Summary
Before choosing a maintenance strategy, it’s essential to understand the benefits that flow from investing in HVAC&R maintenance. A well-designed program drives compliance, comfort, uptime, efficiency, and asset value—while reducing risk and total cost of ownership. This article frames the benefits, the risks of under-maintenance, and the metrics owners should track.
Applies to
Building owners, facility managers, and asset managers responsible for HVAC&R systems in residential, commercial, and industrial sites
The benefits of good maintenance
1) Compliance & assurance
Demonstrates systems are safe, available, and compliant with regulatory duties.
Creates an auditable framework—records, checklists, and test results—to verify obligations are met.
Reduces exposure to penalties, insurance issues, and reputational risk.
2) Service levels: comfort, availability, productivity
Maintained plant starts, runs, and recovers predictably.

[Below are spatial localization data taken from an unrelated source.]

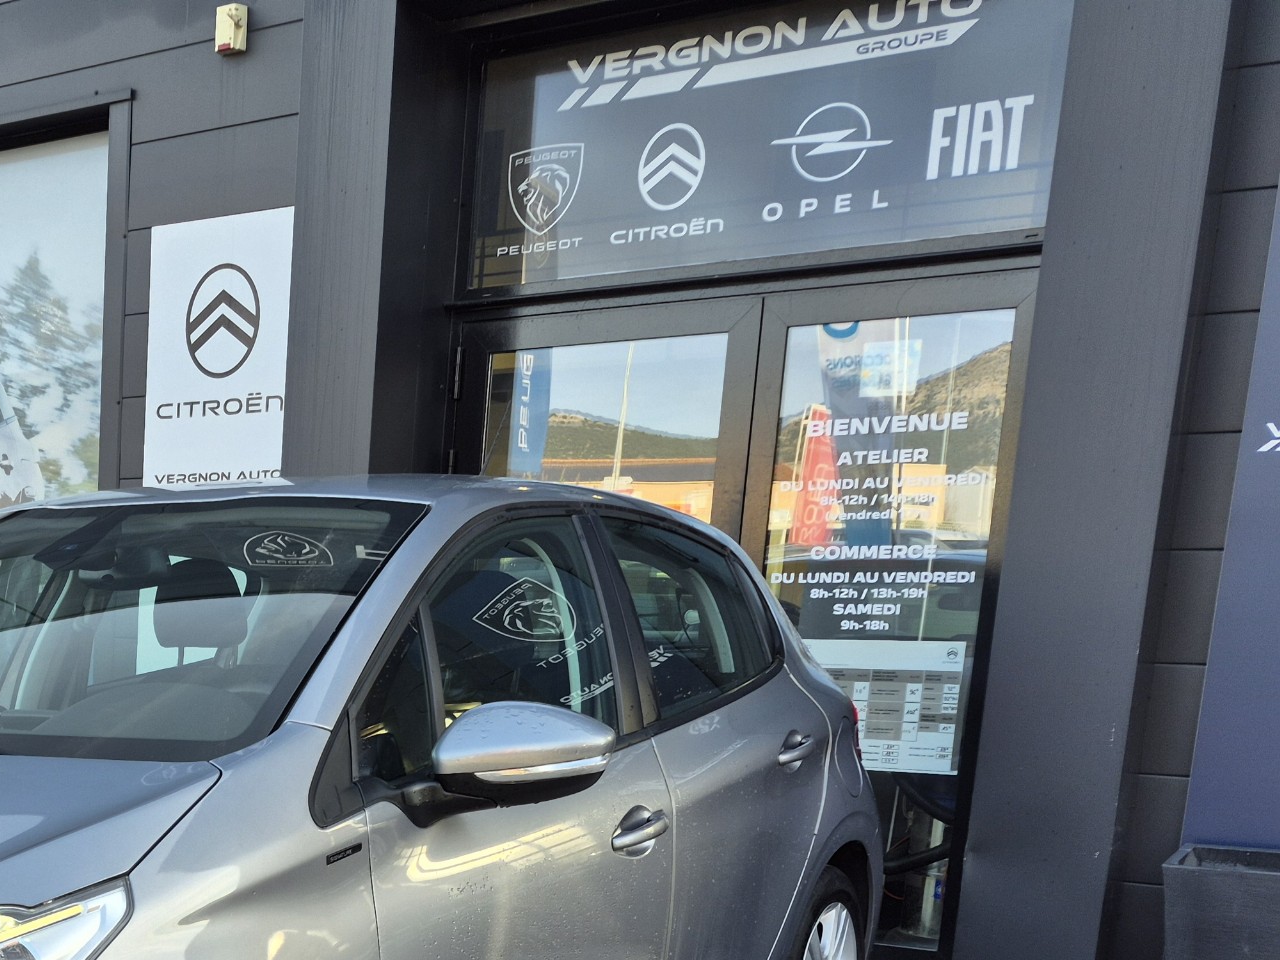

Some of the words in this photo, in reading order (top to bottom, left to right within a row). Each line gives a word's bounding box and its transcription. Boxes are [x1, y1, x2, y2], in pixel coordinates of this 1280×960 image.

[568, 16, 807, 85] VERGNON
[821, 0, 982, 41] AUTO
[855, 29, 949, 55] GROUPE
[926, 94, 1035, 181] FIAT
[515, 150, 578, 167] PEUGEOT
[762, 189, 889, 222] OPEL
[496, 237, 583, 257] PEUGEOT
[805, 411, 970, 437] BIENVENUE
[836, 448, 929, 466] ATELIER
[154, 472, 231, 485] VERGNON
[236, 469, 281, 480] AUTO
[780, 480, 803, 492] DU
[808, 478, 858, 491] LUNDI
[862, 476, 888, 489] AU
[897, 472, 987, 487] VENDREDI
[820, 495, 868, 506] 8h-12h
[810, 545, 938, 560] COMMERCE
[771, 572, 795, 584] DU
[798, 572, 850, 584] LUNDI
[852, 572, 879, 583] AU
[883, 571, 976, 584] VENDREDI
[810, 588, 858, 599] 8h-12h
[860, 588, 868, 599] /
[871, 587, 928, 599] 13h-19h
[832, 603, 901, 615] SAMEDI
[840, 619, 889, 631] 9h-18h

Delivers consistent temperature, humidity, airflow, and noise levels that support occupant wellbeing and productivity.
Minimises unplanned outages with proactive component replacement.
3) Lowest life-cycle cost (LCC)
Keeps equipment operating efficiently (lower energy and water use).
Extends useful life, aligning replacement with capital plans instead of crisis.
Prevents “failure cascades” that turn small faults into major repairs.
4) Risk reduction
Cuts the likelihood of critical failures that disrupt operations or damage adjacent plant.
Improves electrical and refrigerant safety, condensate management, and hygiene.
Supports business continuity, contract performance, and tenant satisfaction.
5) Indoor air quality (IAQ) & hygiene
Maintains filter performance, outdoor air volumes, and coil cleanliness.
Reduces noise/vibration and microbial risk; preserves the performance of energy and water-saving features.
6) Asset value & ESG outcomes
Protects asset valuation by sustaining NABERS/Green Star-type performance.
Creates verifiable data for sustainability reporting (energy, water, leakage, waste reduction).
Enhances marketability to tenants and investors.
What happens without maintenance (the cost of doing nothing)
Higher utility consumption (electricity, water, refrigerant).
Frequent breakdowns at the worst possible times; longer outages and higher repair bills.
Premature failure of components and systems; accelerated capital expenditure.
Loss of functionality (comfort complaints, process interruptions).
Reduced asset value and market position.
Compliance exposure—inability to evidence that duties were met.
Owner KPIs to track (tie investment to outcomes)
Uptime / Mean Time Between Failures (MTBF)
Energy Intensity (kWh/m² or kWh/occupied hour) and water use
Reactive vs Planned maintenance ratio (target >70% planned)
Work order closure time and first-time fix rate
Refrigerant leakage rate and environmental incidents
IAQ indicators (filter pressure drop, outdoor air rates, coil ΔT, temperature/humidity compliance)
Building a right-sized maintenance program
Define service levels
Comfort and availability targets (e.g., 99.5% uptime; temperature bands by space type).
Select the maintenance model
Time-based (manufacturer intervals), condition-based (sensors/analytics), or hybrid.
Align scope to risk: critical spaces (data rooms, healthcare, process areas) need enhanced inspection and redundancy checks.
Set the routine scope (examples)
Filters, coils, drains, belts, bearings; safety interlocks; electrical terminations; firmware and BMS trends; outdoor air calibration; vibration/noise checks; refrigerant leak checks.
Plan statutory tasks
Pressure vessel, electrical, fire interface, emergency drainage, safe isolation, and refrigerant handling requirements.
Document & verify
Digital service reports with photos, trend graphs, and recommendations.
Quarterly performance reviews against KPIs; annual strategy tune-up.
Quick owner checklist
Clear maintenance scope aligned to risk and compliance duties
Defined KPIs and reporting cadence
Asset register with critical spares and lifecycle plan
Documented IAQ/IEQ checks and hygiene procedures
Emergency response and escalation path agreed
Evidence pack: service records, test sheets, trend logs, and certificates
Bottom line
A good maintenance program ensures the investment translates into performance—stable comfort, lower running costs, extended asset life, and reduced risk. Poor maintenance does the opposite: inefficiency, frequent failures, compliance exposure, and diminished asset value. Investing in maintenance is not a sunk cost; it’s an operational strategy with measurable returns.